16 Şubat 2012 Perşembe

Ne vaat etmeli? - Mahir Kaynak

İki ülkede iki işçi, aynı makinanın başında, aynı malları, aynı kalitede üretsinler. Bunlardan daha gelişmiş ülkede çalışan diğerinden çok fazla ücret alır ve yaşam kalitesi diğerinden çok ilerdedir. Öyleyse kişinin refahını sadece ürettiği ile ölçemeyiz. Bu iki ülkedeki öğretim üyeleri aynı konuları okutsalar ve aynı düzeyde olsalar bile biri diğerinden çok fazla kazanır. Yani kişi sadece kendi kalitesi ve çalışmasıyla belli bir yaşam düzeyi sağlayamaz, kaderi ülkesinin gelişmişliğine bağlıdır. Bunun dışında güvenliği de ülkesinin gücüne bağlıdır. Mesela Irak’ta yaşayan bir insan, ne kadar değerli olursa olsun, ülkesine yönelik bir operasyonda hayatını kaybedebilir, hiçbir günahı olmayan çocukları da ölmeseler bile sefalete mahkum olur.
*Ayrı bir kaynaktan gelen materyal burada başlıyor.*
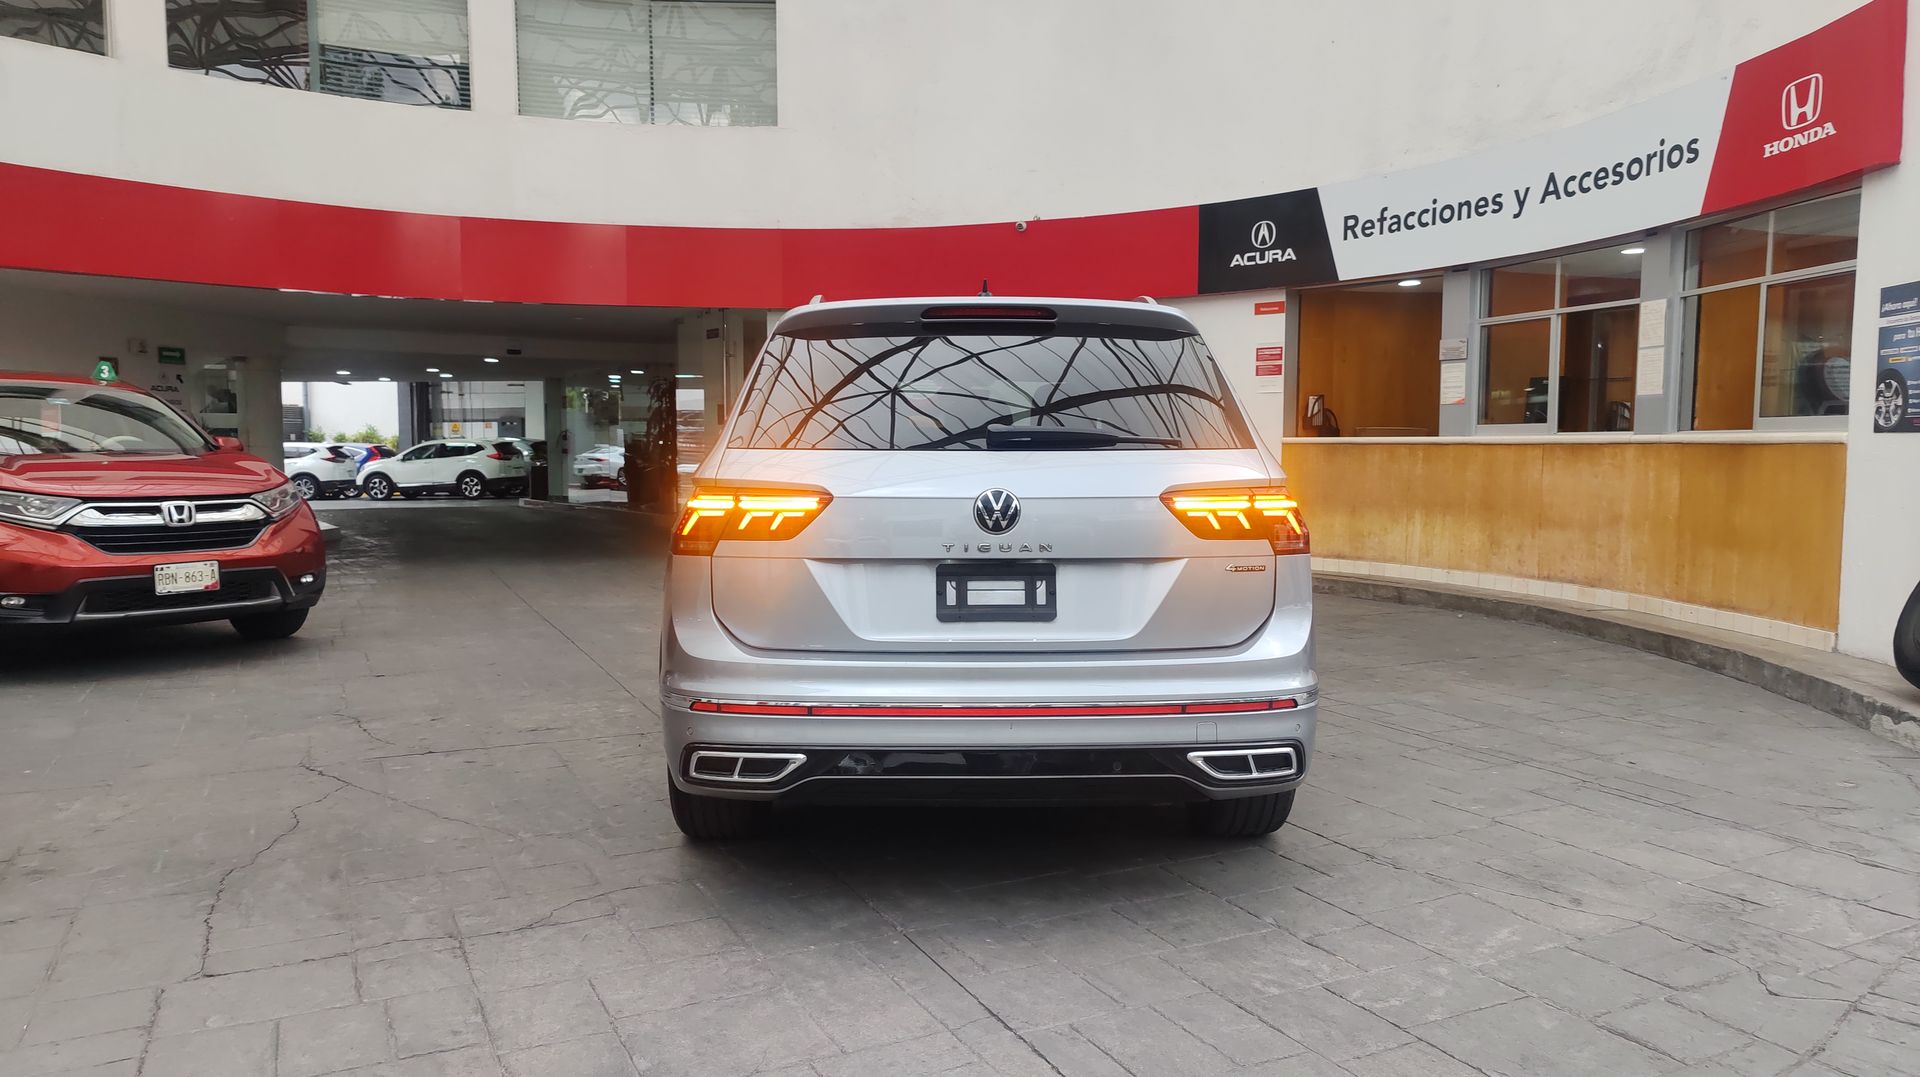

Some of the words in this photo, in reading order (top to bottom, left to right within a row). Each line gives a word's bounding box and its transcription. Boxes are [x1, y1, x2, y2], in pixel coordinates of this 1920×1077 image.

[1763, 121, 1837, 158] HONDA
[1342, 191, 1504, 241] Refacciones
[1512, 187, 1531, 219] y
[1538, 137, 1700, 205] Accesorios
[1229, 247, 1297, 268] ACURA
[100, 365, 110, 378] 3
[150, 385, 180, 393] ACURA
[941, 543, 1053, 553] TIGUAN
Seçim sürecinde, bazı partiler daha fazla, halka neler vereceklerini vaat ettiler. Bunun geçerliliğini irdeleyelim. Fakirlere para dağıtırsanız bunu önce yiyeceğe ayıracaktır. Parayı dağıttığınız anda ülkede yiyecek üretimi artmayacağı için ya hedefinize ulaşamazsınız ya da birinin yediğini kısar diğerine verirsiniz. Yani hedef ülkenin kalkınması ve üretimin halkın ihtiyaç önceliklerine göre yapılmasıdır. Kalkınmayı sadece milli geliri büyütmekle ölçmek hatalıdır. Mesela üretim artışı sadece lüks mallarda olursa milli gelir artar ama halkın büyük bir bölümünün refah düzeyi değişmez. Ne talep edilirse onun üretimi artar denir ama bu süreç de karmaşıktır ve devletin bir iktisat politikası olmalıdır.
Suudi Arabistan zengin bir ülkedir ama geliri petrol ihracından doğar ve dar bir     kadronun kontrolündedir. Bu ülke gerekli gereksiz bazı işler yaratarak halka bu parayı dağıtmak zorundadır. Dağıtan güç istediğine verir çünkü istihdam işçinin kalitesine göre yapılmamaktadır ve nitelikli işlerde yabancılar kullanılır. Böyle bir ülkede herkesi en     iyi okullarda okutsanız bile demokrasi gerçekleşmez çünkü parayı dağıtanı desteklemek zorunda kalınır.
Ülkeyi yönetecek kadrolar ülkenin bütünü için projeler gerçekleştirmeli ve bu projeler ileri teknoloji kullanmalıdır. Mesela bir uçak aldığınız zaman siz ABD’de fabrikada çalışan işçi ve mühendislerin yüksek yaşam koşullarını sağlarsınız, buna karşılık gömlek ihraç ederseniz Amerikalı sizin düşük gelirli bir işçinizin geçimine katkı yapar.
İktisadı rakamlara indirgemek, bu rakamların neleri içerdiğiyle ilgilenmemek ciddi hatalara yol açar. Bunun en büyük örneği Çin’dir. Herkesin gıpta ettiği büyüme rakamlarına ulaştılar ama ürettiklerini ihraç ediyor ve karşılığında ithalat yapmayıp mal sattığı ülkeyi borçlandırıyordu. Bu süreç sonsuza kadar süremezdi. Ekonomik kriz olarak adlandırılan olay bana göre bir operasyondu ve borçlu ülkeler ödeme yapmadan borçlarından kurtulacaktı. Bu çok karmaşık süreci basit bir örnekle açıklamaya çalışalım. Yunanistan bir adasını büyük bir para karşılığında yabancıya satsın. Adada egemenlik Yunanistan’da olacak sadece sahibinin adı yabancı olacaktır. O kişinin adadan elde ettiği geliri ülkesine götüreceğinden emin miyiz? Ya da eğer o adaya bir Yunanlı sahip olsaydı parasını bu ülkede tutar mıydı? Son zamanlarda ülkemizin dışına yapılan gelir transferlerinin ne kadarının vatandaşlarımıza ait olduğunu biliyor muyuz?